__WHAT YOU SHOULD DO__
Each line of the data must be written out again verbatim; no image belongs in the copy.

__DATASET EXCERPTS__
------------------------------------------------------------
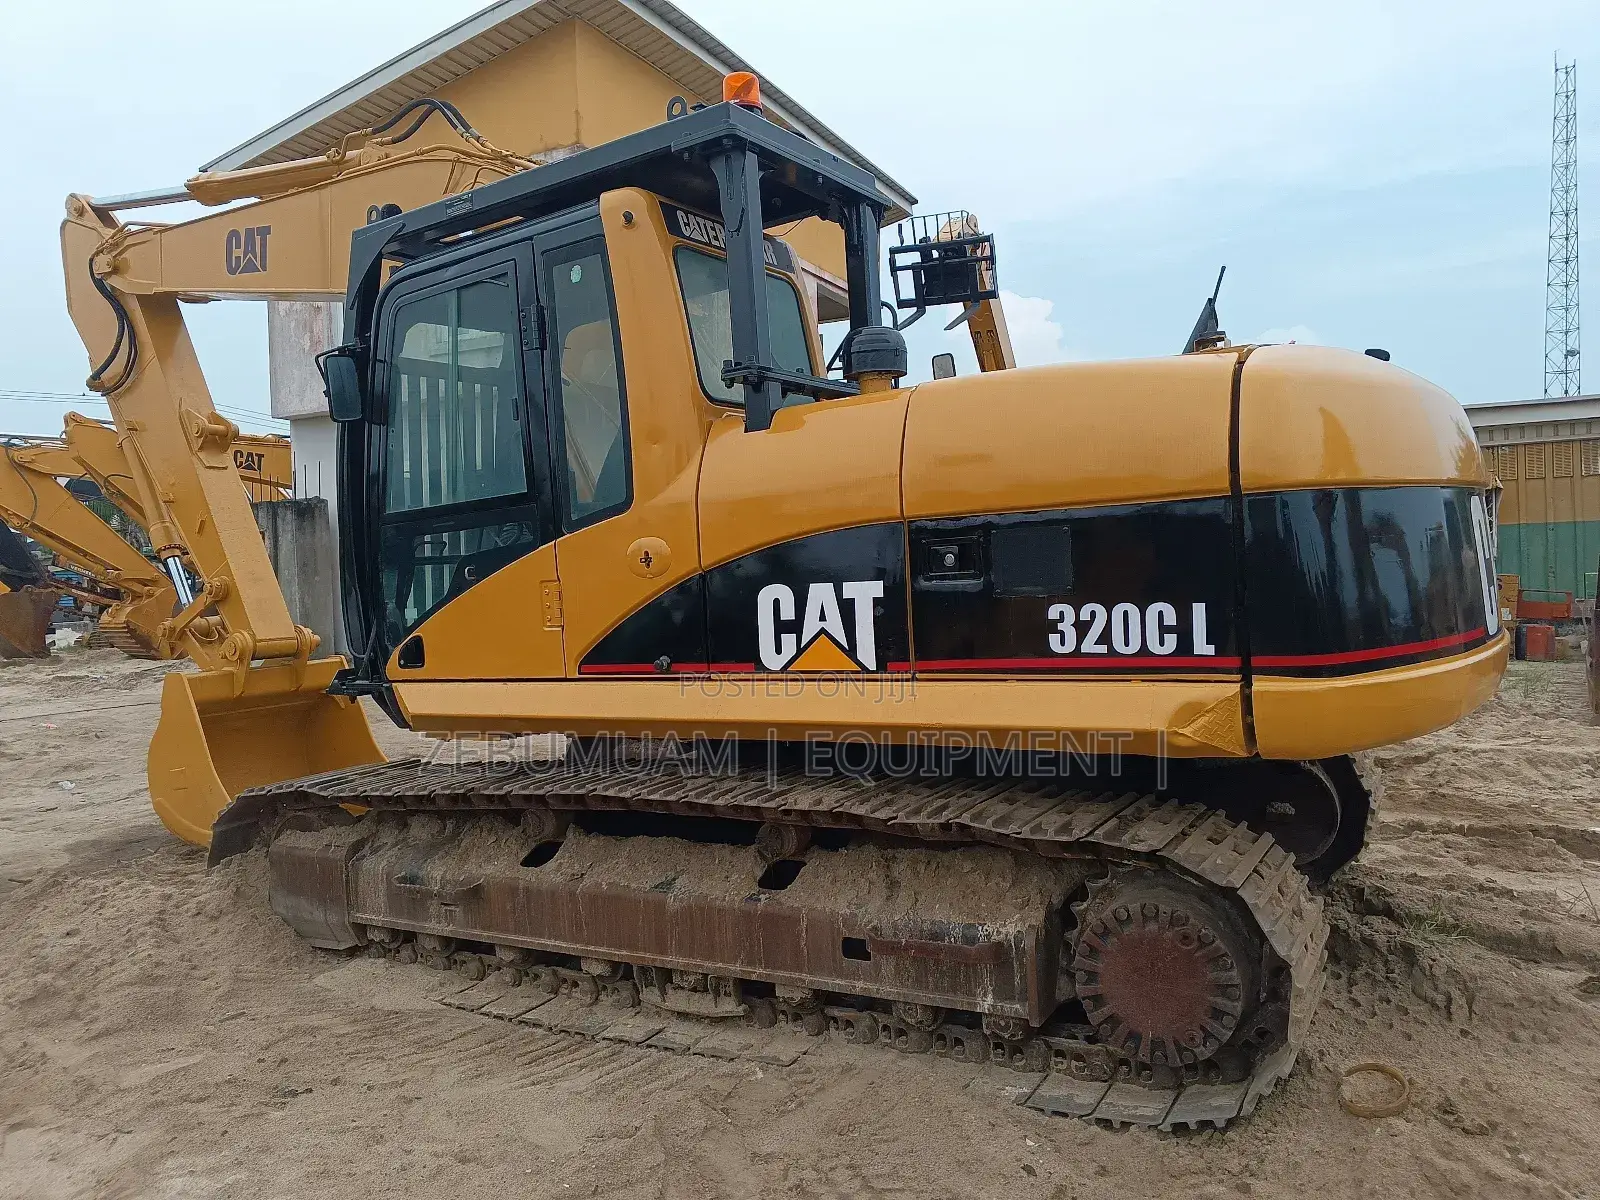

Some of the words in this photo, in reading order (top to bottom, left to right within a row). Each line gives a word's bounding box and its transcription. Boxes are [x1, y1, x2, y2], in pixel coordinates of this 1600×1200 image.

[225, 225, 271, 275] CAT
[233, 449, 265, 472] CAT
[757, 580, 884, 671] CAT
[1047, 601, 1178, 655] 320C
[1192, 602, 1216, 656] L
------------------------------------------------------------
__WRITTEN RESPONSE__
Some of the words in this photo, in reading order (top to bottom, left to right within a row). Each line gives a word's bounding box and its transcription. Boxes are [x1, y1, x2, y2], in pixel coordinates of this 1600×1200 image.

[225, 225, 271, 275] CAT
[233, 449, 265, 472] CAT
[757, 580, 884, 671] CAT
[1047, 601, 1178, 655] 320C
[1192, 602, 1216, 656] L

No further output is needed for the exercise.